On Tue, Oct 16, 2012 at 12:05 PM, Renk Thorsten <thorsten.i.r...@jyu.fi> wrote:
>> One can assume that
>> a vec4 varying is no more expensive than a vec3.
> (...)
>> I'm not sure it's useful to think of each component of a varying
>> vector as a "varying" i.e., three vec3 varying values use up three
>> varying "slots," and so do 3 float varying values
>
> I dunno...
>
> Just counting the number of operations, mathematically the best case scenario 
> for interpolating a general vector across a triangle is in Cartesian 
> coordinates where each coordinate interpolates as an independent number, so 
> the cost of a vec4 would be the same as the cost for 4 floats. In any other 
> case, like curved coordinates or Minkowski space, a Jacobian comes to bite 
> and the vector is more expensive than just 4 scalar numbers.

Yes, I acknowledge that interpolating a vec4 requires more operations
than interpolating a float :)

>
> Now, what I don't know if there's some fancy hardware trick which makes a 
> Cartesian vec4 as cheap as a float. In this case, we could use this by 
> combining every four varying float into one varying vec4 and get the same job 
> done for 25% of the cost. But...

That's the crux of it. I thought the answer was obvious, but it very
much depends on the hardware. For a very long time graphics hardware
has had to rasterize, i.e., interpolate, multiple values across screen
space: depth, color, alpha, texture coordinates.... I just assumed
that it would be no more expensive to interpolate vector values.
However, this very good web page,
http://fgiesen.wordpress.com/2011/07/10/a-trip-through-the-graphics-pipeline-2011-part-8/,
contains this quote:

Update: Marco Salvi points out (in the comments below) that while
there used to be dedicated interpolators, by now the trend is towards
just having them return the barycentric coordinates to plug into the
plane equations. The actual evaluation (two multiply-adds per
attribute) can be done in the shader unit.

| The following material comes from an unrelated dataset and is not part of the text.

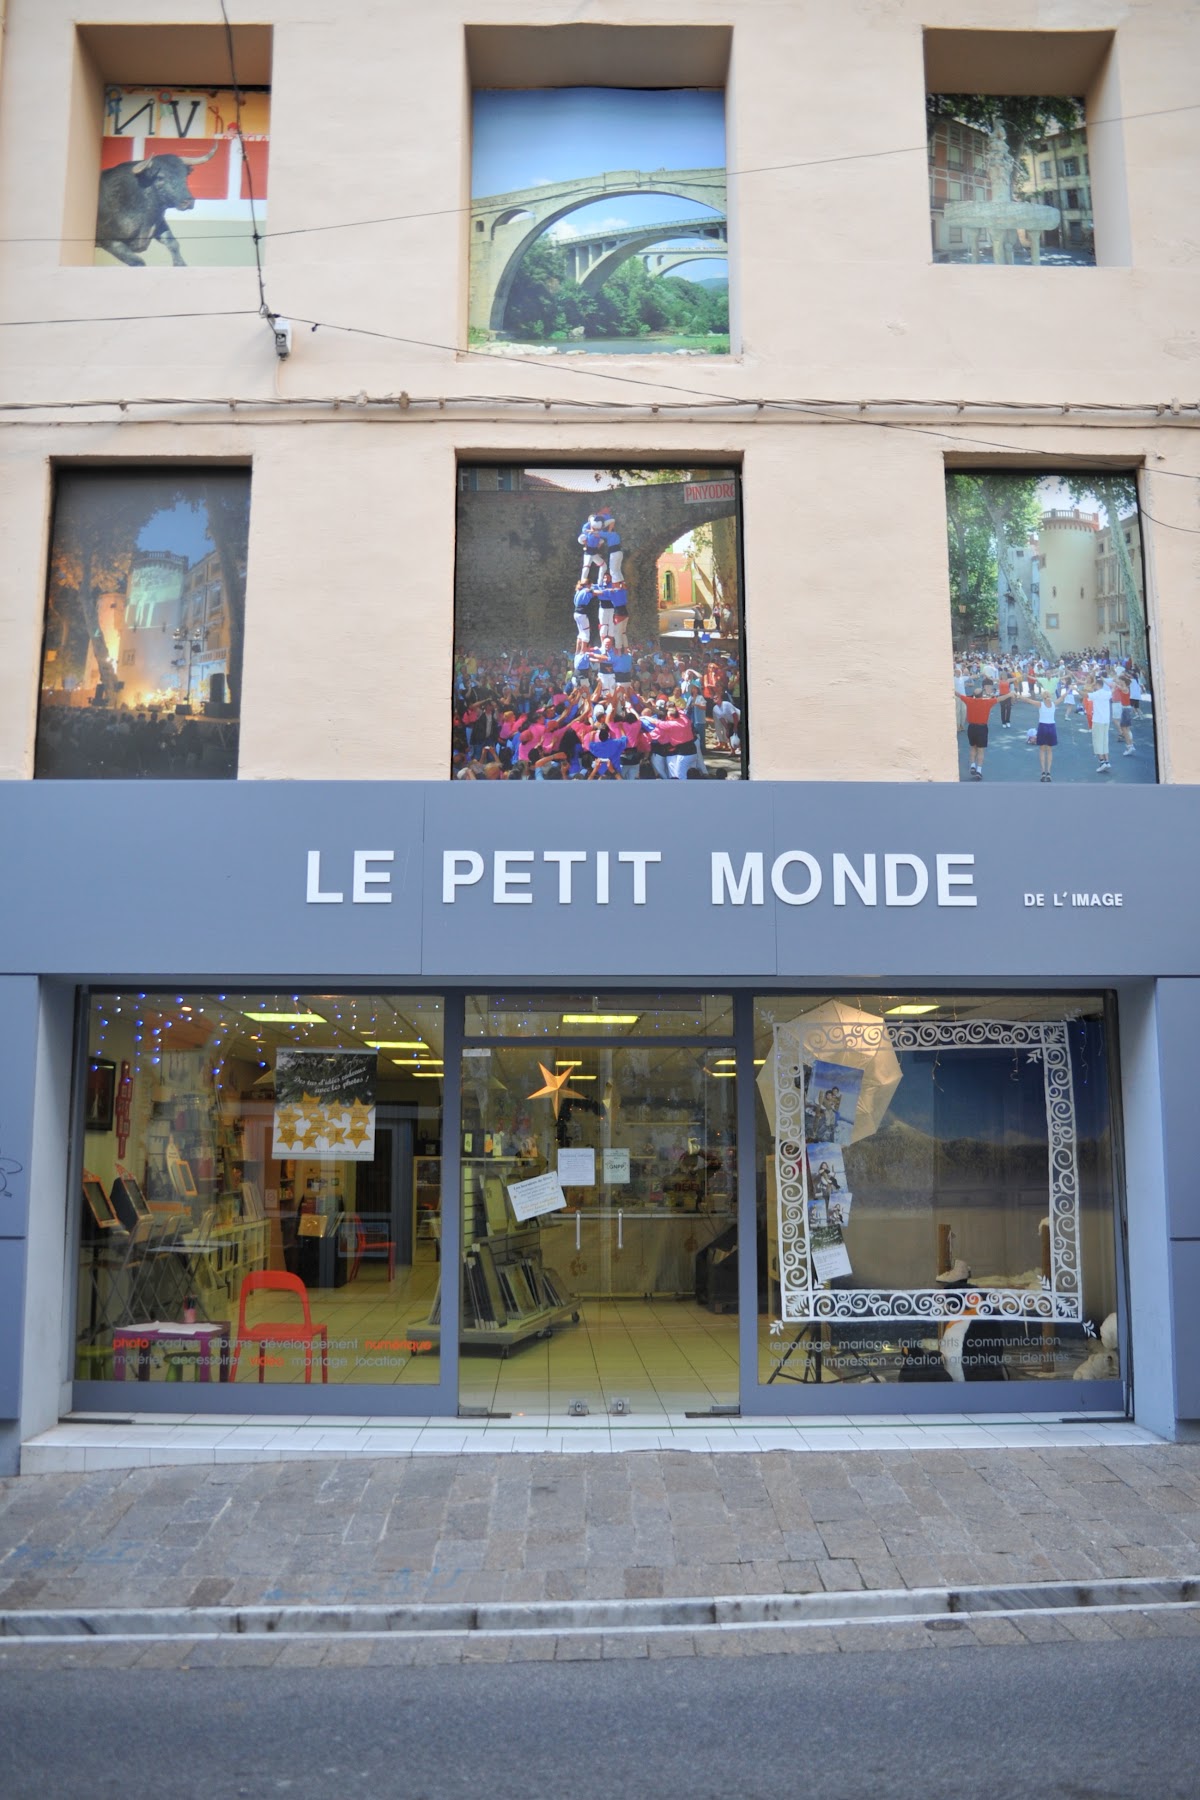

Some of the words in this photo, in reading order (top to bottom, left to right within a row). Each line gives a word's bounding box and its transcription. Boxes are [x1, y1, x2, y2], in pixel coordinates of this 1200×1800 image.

So the cost of interpolating  values is indeed incurred as operations
in the (prolog of the) fragment shader. Even the oldest hardware that
supports OpenGL programmable shaders implements vector operations, and
a vector multiply-add has, as far as I know, the same cost as a scalar
operation. On the other hand, the shader compiler might be able to
combine multiple scalar interpolations into vector ops. You can
examine the assembly language for shaders if you want to see what's
actually going on.

I do recommend that web page and the others in the series; they are
quite interesting.

>
> ... the thing I did try is that in adapting the urban shader to atmospheric 
> scattering I ran out of varying slots, I needed two more varying float. I 
> solved this by deleting one varying vec3 (the binormal) and computing it as 
> the cross product - and that gave me the two slots I needed (and presumably 
> one left, but I didn't try that). So this would suggest that indeed each 
> vector component counts the same as a varying float.

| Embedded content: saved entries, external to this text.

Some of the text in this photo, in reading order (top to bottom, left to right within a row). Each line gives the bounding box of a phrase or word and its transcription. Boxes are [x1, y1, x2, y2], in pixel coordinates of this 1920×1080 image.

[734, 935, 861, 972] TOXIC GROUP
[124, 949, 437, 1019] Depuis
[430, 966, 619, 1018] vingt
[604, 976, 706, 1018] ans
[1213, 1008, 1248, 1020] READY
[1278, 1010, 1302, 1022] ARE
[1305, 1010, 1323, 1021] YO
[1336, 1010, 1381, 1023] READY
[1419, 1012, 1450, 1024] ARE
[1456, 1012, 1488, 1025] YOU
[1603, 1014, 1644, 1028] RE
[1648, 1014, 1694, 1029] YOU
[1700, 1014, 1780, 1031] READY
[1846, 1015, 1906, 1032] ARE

They do at the OpenGL API level, which doesn't necessarily correspond
to the hardware implementation.

>
>
>> One reason to pass this as a varying is that on old hardware, GeForce
>> 7 and earlier, it is very expensive to change a uniform that is used
>> by a fragment shader. It forces the shader to be recompiled. So, this
>> is actually a well-known optimization for old machines.
>
> Okay, I didn't know that... But pretty much all weather and 
> environment-dependent stuff (ground haze functions, the wave amplitude for 
> the water shader, overcast haze for the skydome,...) makes use of slowly but 
> continuously changing uniforms (I think gl_LightSource is technically also a 
> uniform), so it doesn't really make sense to have this old machine friendly 
> code in one place in the shader but not in other places in the same shader.
>

True.

>> Also, I want to point out that, in your example, lightdir is in the
>> local coordinate system of the terrain, if in fact you are shading
>> terrain. I would call "world space" the earth-centric coordinate
>> system in which the camera orientation is defined.
>
> gl_Vertex is in some coordinate system which I've usually encountered as 
> 'world space' in shader texts as opposed to gl_Position which is supposed to 
> contain the vertex coordinates in 'eye space'. I realize that gl_Vertex is 
> *not* in the global (xyz) coordinates of Flightgear Earth, although I don't 
> know how the two relate.  Somehow once in the shader world, z is always up... 
> Just a matter of semantics?

I think more usual usage for the local coordinate system is "model
coordinates." The model matrix transforms those coordinates into world
coordinates; the view matrix transforms world coordinates into eye
coordinates. In OpenGL, even in pre-shader days, we tend not to talk
about "world" space much because there is (was) only one matrix stack,
which contains the concatenation of the model and view matrices.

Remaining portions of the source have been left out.